Le ministre saoudien des Affaires étrangères, Adel al-Jubeir. Fayez Nureldine/AFP
La priorité de toute intervention terrestre qui serait lancée en Syrie doit être la lutte contre le groupe État islamique (EI), a déclaré hier le ministre saoudien des Affaires étrangères. Dans un entretien avec l'AFP, Adel al-Jubeir a rappelé que l'Arabie saoudite avait « exprimé sa disposition à envoyer des forces spéciales dans le cadre de la coalition (internationale) dans le but d'éliminer Daech (acronyme arabe de l'EI). C'est là la mission et là la responsabilité ». À plusieurs reprises ce mois-ci, l'Arabie s'est déclarée disposée à participer à une intervention terrestre si la coalition anti-EI, commandée par Washington, en décidait ainsi. M. Jubeir, 54 ans, a souligné qu'il ne pouvait « pas spéculer » sur une éventuelle transformation des opérations anti-EI à plus long terme en actions militaires pour chasser le régime de M. Assad.
M. Jubeir a par ailleurs ridiculisé les déclarations du président Assad qui avait affirmé la semaine dernière, dans un entretien à l'AFP, son objectif de reprendre militairement toute la Syrie. « Bachar el-Assad a dit beaucoup de choses depuis le début de la crise.

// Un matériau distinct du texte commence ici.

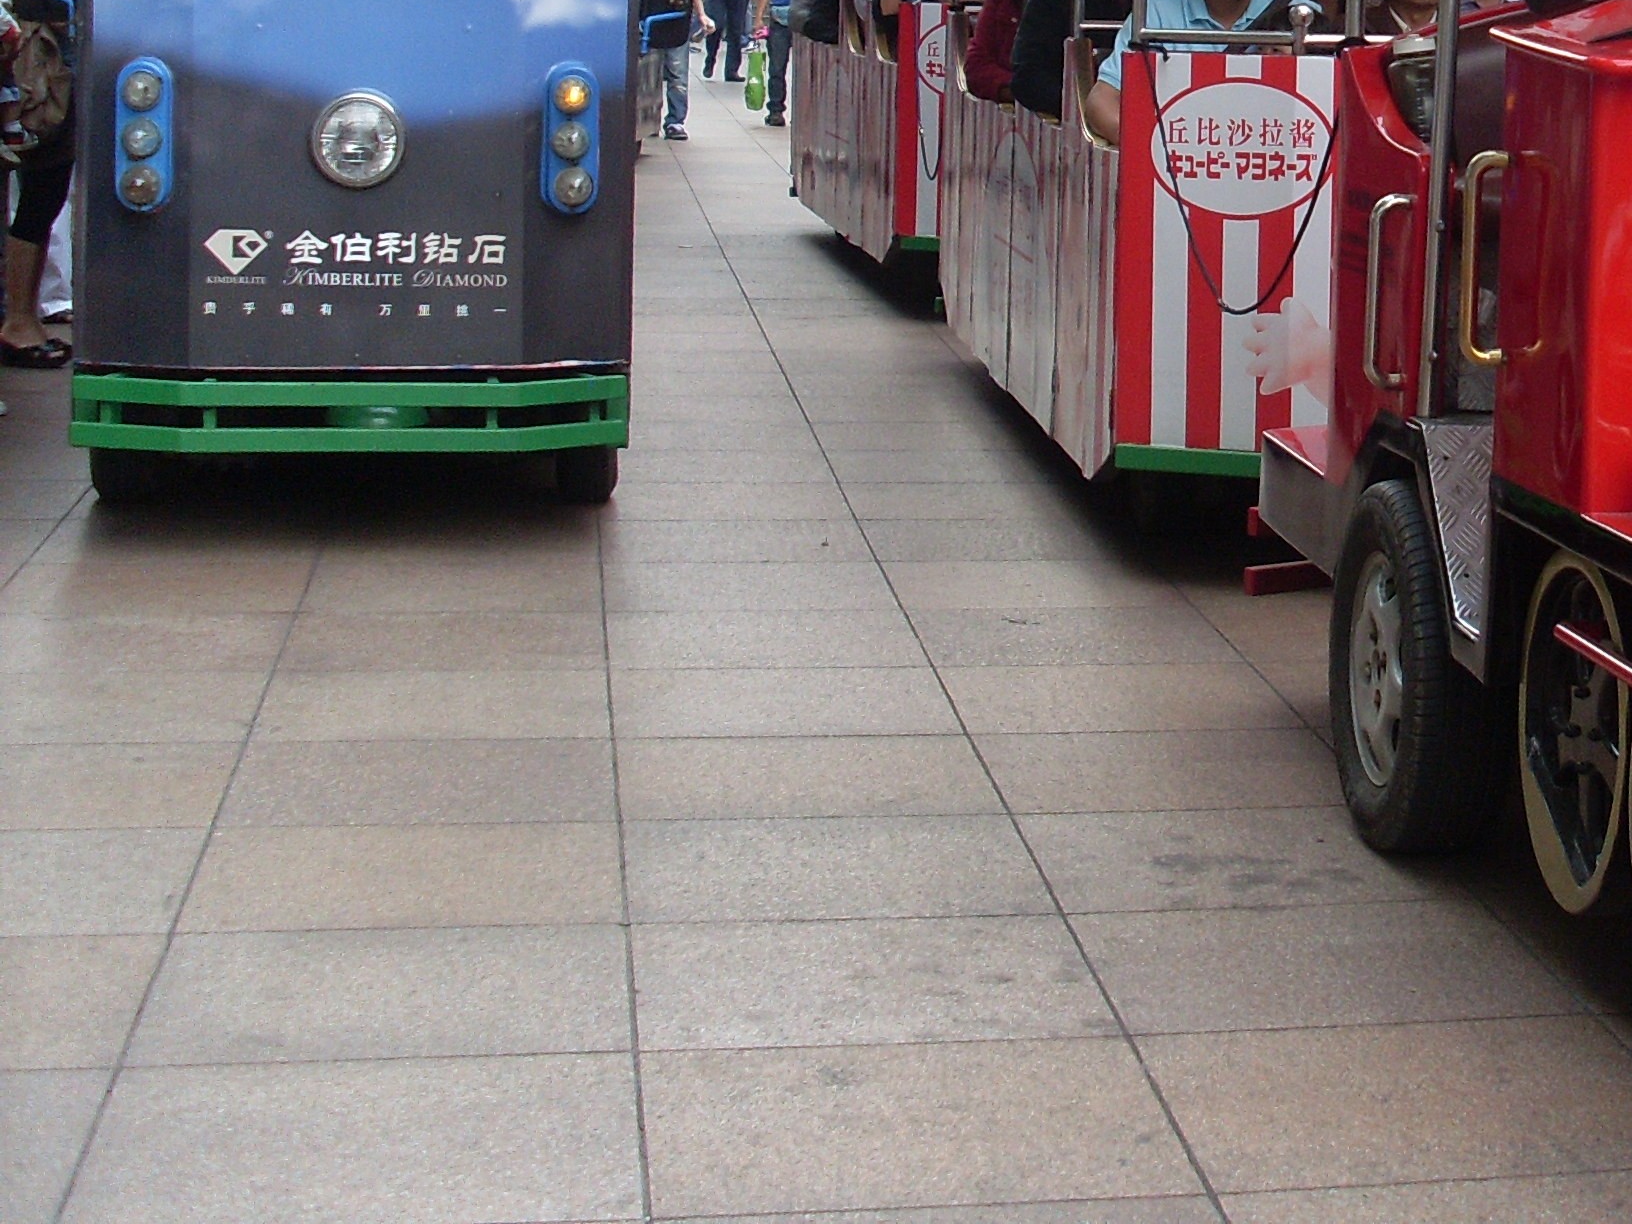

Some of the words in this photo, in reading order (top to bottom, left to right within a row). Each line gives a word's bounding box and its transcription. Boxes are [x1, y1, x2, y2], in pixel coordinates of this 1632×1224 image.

[1167, 116, 1316, 149] 丘比沙拉酱
[1235, 150, 1318, 182] マヨネーズ
[285, 229, 507, 264] 金伯利钻石
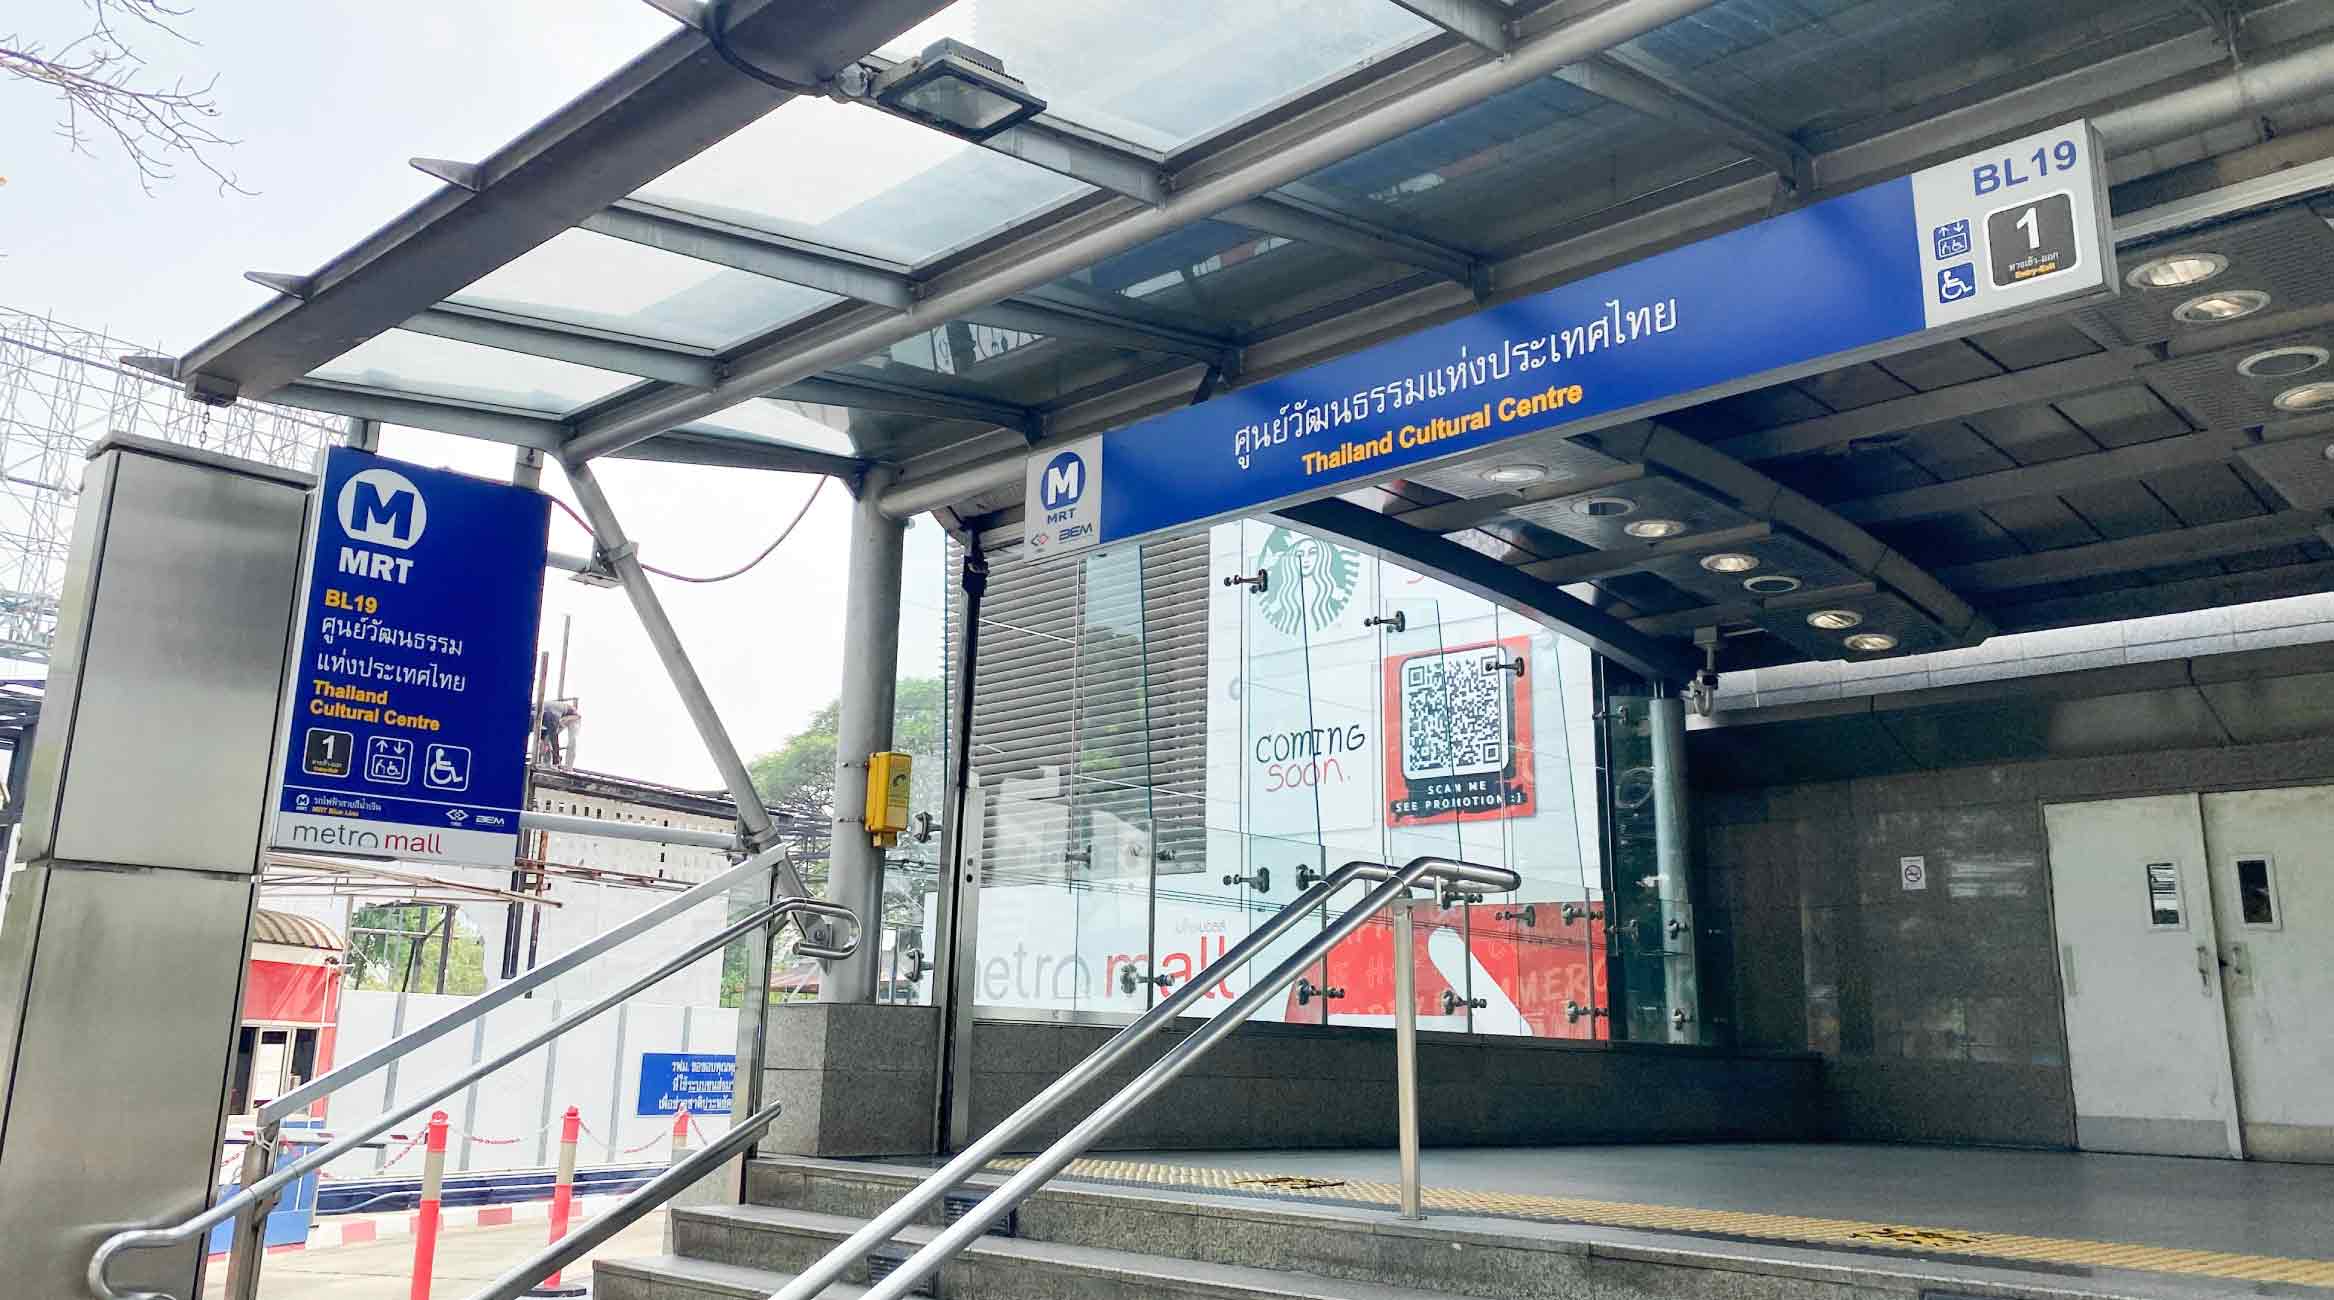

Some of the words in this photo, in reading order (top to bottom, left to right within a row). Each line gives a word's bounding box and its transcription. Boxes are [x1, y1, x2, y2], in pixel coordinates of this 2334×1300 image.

[1973, 140, 2077, 196] BL19
[2016, 207, 2040, 249] 1
[1234, 299, 1678, 469] ศูนย์วัฒนธรรมแห่งประเทศไทย
[1301, 430, 1393, 476] Thailand
[1399, 405, 1491, 449] Cultural
[1498, 383, 1584, 422] Centre
[1047, 508, 1077, 524] MRT
[1058, 522, 1093, 541] BEM
[338, 546, 414, 584] MRT
[325, 588, 378, 614] BL19
[321, 616, 463, 656] ศูนย์วัฒนธรรม
[317, 648, 466, 692] แห่งประเทศไทย
[313, 679, 389, 705] Thailand
[310, 699, 379, 723] Cultural
[383, 709, 441, 731] Centre
[322, 735, 335, 759] 1
[1427, 782, 1462, 796] SCAN
[1469, 780, 1487, 792] ME
[1395, 800, 1418, 813] SEE
[1425, 795, 1505, 810] PROMOTION
[475, 815, 505, 825] BEM
[292, 825, 379, 849] metro
[384, 832, 443, 855] mall
[974, 941, 1092, 1001] etro

Beaucoup de ses propos se sont avérés irréalistes. En fait, c'est une personne qui a causé la mort de plus de 300 000 innocents, fait 12 millions de déplacés et détruit son pays (...) C'est clair que Bachar el-Assad n'a pas d'avenir en Syrie », selon lui.
Comme on lui demandait si l'engagement des États-Unis envers ses alliés et l'opposition syrienne était au niveau de celui de la Russie vis-à-vis de M. Assad, le ministre saoudien a pris bien soin d'éviter de critiquer l'administration américaine. Washington est « très sérieux dans son soutien à l'opposition syrienne et dans le combat contre Daech », a-t-il dit. Mais « je pense que chaque pays peut faire davantage ».
Pour M. Jubeir, « il devient de plus en plus clair que l'implication russe en Syrie vise à renforcer Bachar el-Assad, mais ça ne marchera pas ».
Il a également critiqué les « interférences » de l'Iran, autre allié de Damas avec lequel Riyad a rompu ses relations diplomatiques le mois dernier. « Si l'Iran veut avoir de bonnes relations avec l'Arabie saoudite, il doit changer d'attitude et de politique. De simples mots ne feront pas l'affaire. »
M. Jubeir a enfin affirmé que le royaume saoudien ne se sentait « absolument pas » abandonné par son « allié historique », les États-Unis, depuis l'accord de juillet 2015 sur le nucléaire iranien.